Brasil
Morte de três idosos embasa prisão de médico do RS investigado por outros 39 óbitos
João Batista de Couto Neto, de 46 anos, foi detido no Hospital Municipal de Caçapava, no interior paulista, enquanto exercia a profissão. Polícia ainda tenta entender motivação
O médico cirurgião João Batista de Couto Neto, de 46 anos, é investigado há mais de 1 ano por ter provocado a morte de pelo menos 42 pacientes, além de lesões corporais a outros 114, em Novo Hamburgo, no Rio Grande do Sul. Mas sua prisão, realizada nesta quinta-feira, em São Paulo, após indiciamento por homicídio doloso qualificado, se fundamentou na conclusão de apenas três desses inquéritos. São crimes que, segundo os investigadores, teriam sido cometidos contra dois homens e uma mulher: todos eles idosos.

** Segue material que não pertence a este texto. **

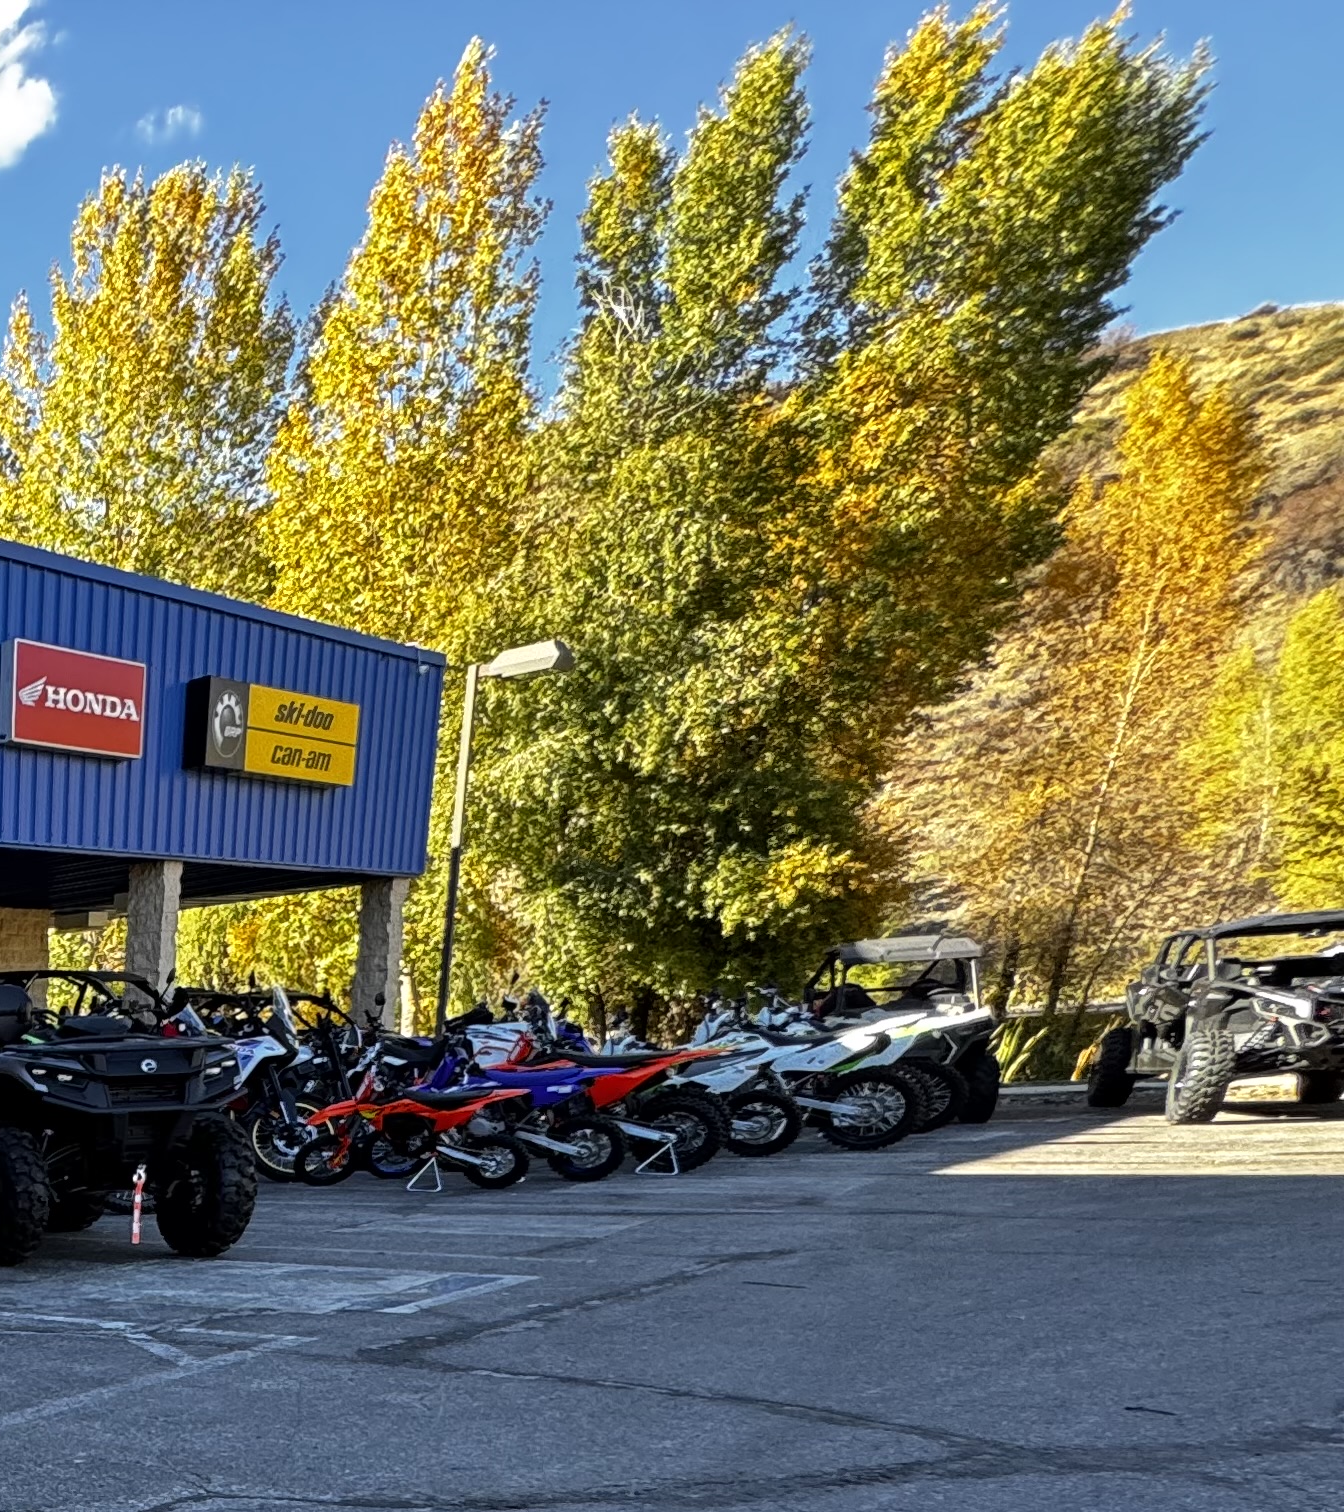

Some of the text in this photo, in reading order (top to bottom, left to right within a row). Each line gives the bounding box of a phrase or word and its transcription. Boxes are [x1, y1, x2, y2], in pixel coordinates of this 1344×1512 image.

[44, 685, 140, 722] HONDA
[274, 701, 335, 731] ski-doo
[271, 745, 332, 772] can-am

No pedido de prisão preventiva, aceito na quarta-feira pelo juiz Guilherme Machado da Silva, do Tribunal de Justiça do Rio Grande do Sul, a Delegacia de Novo Hamburgo argumentou que João Batista de Couto Neto agia com dolo eventual, ou seja, ele assumia o risco de matar seus pacientes.
O cirurgião foi indiciado por homicídio doloso qualificado por motivo torpe, meio cruel, uso de recurso que dificultou a defesa da vítima e agravado por violação de dever inerente à profissão e praticado contra vítimas maiores de 60 anos. Se condenado, Couto Neto pode ter que cumprir pena de reclusão de 12 a 30 anos por cada um dos três crimes.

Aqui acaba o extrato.